───── DATA EXCERPTS ─────

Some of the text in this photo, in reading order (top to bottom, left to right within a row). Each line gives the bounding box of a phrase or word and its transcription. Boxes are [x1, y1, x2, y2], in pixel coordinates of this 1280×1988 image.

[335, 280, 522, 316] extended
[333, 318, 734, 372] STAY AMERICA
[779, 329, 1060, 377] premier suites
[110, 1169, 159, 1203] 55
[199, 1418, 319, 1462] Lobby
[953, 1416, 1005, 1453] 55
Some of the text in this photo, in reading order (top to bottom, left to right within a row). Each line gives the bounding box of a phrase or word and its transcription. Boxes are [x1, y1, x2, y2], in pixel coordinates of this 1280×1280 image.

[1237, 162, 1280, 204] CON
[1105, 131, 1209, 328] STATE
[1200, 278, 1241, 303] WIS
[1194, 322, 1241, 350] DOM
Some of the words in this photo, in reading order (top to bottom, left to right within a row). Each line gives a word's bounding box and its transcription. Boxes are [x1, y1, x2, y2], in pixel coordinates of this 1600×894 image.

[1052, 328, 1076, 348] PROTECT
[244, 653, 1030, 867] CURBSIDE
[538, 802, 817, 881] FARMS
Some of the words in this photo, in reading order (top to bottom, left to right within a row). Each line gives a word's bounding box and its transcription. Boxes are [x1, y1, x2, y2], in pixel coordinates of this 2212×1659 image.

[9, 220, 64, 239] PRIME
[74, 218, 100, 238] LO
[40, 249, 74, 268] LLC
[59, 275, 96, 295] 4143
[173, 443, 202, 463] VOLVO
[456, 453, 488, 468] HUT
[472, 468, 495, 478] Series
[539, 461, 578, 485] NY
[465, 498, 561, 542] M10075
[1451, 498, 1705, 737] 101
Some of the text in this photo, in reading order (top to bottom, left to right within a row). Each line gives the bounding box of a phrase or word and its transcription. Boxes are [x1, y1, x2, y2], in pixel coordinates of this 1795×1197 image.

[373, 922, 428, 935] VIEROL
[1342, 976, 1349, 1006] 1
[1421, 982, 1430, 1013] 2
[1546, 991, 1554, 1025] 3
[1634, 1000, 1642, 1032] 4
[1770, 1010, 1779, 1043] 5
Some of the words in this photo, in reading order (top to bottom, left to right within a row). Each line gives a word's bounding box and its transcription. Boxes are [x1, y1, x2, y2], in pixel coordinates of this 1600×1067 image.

─────

● **WHAT YOU NEED TO DO**
Reply with an exact transcription of the material above.

● **SOLUTION BELOW**
Some of the text in this photo, in reading order (top to bottom, left to right within a row). Each line gives the bounding box of a phrase or word and its transcription. Boxes are [x1, y1, x2, y2], in pixel coordinates of this 1280×1988 image.

[335, 280, 522, 316] extended
[333, 318, 734, 372] STAY AMERICA
[779, 329, 1060, 377] premier suites
[110, 1169, 159, 1203] 55
[199, 1418, 319, 1462] Lobby
[953, 1416, 1005, 1453] 55
Some of the text in this photo, in reading order (top to bottom, left to right within a row). Each line gives the bounding box of a phrase or word and its transcription. Boxes are [x1, y1, x2, y2], in pixel coordinates of this 1280×1280 image.

[1237, 162, 1280, 204] CON
[1105, 131, 1209, 328] STATE
[1200, 278, 1241, 303] WIS
[1194, 322, 1241, 350] DOM
Some of the words in this photo, in reading order (top to bottom, left to right within a row). Each line gives a word's bounding box and its transcription. Boxes are [x1, y1, x2, y2], in pixel coordinates of this 1600×894 image.

[1052, 328, 1076, 348] PROTECT
[244, 653, 1030, 867] CURBSIDE
[538, 802, 817, 881] FARMS
Some of the words in this photo, in reading order (top to bottom, left to right within a row). Each line gives a word's bounding box and its transcription. Boxes are [x1, y1, x2, y2], in pixel coordinates of this 2212×1659 image.

[9, 220, 64, 239] PRIME
[74, 218, 100, 238] LO
[40, 249, 74, 268] LLC
[59, 275, 96, 295] 4143
[173, 443, 202, 463] VOLVO
[456, 453, 488, 468] HUT
[472, 468, 495, 478] Series
[539, 461, 578, 485] NY
[465, 498, 561, 542] M10075
[1451, 498, 1705, 737] 101
Some of the text in this photo, in reading order (top to bottom, left to right within a row). Each line gives the bounding box of a phrase or word and its transcription. Boxes are [x1, y1, x2, y2], in pixel coordinates of this 1795×1197 image.

[373, 922, 428, 935] VIEROL
[1342, 976, 1349, 1006] 1
[1421, 982, 1430, 1013] 2
[1546, 991, 1554, 1025] 3
[1634, 1000, 1642, 1032] 4
[1770, 1010, 1779, 1043] 5
Some of the words in this photo, in reading order (top to bottom, left to right within a row). Each line gives a word's bounding box and its transcription. Boxes are [x1, y1, x2, y2], in pixel coordinates of this 1600×1067 image.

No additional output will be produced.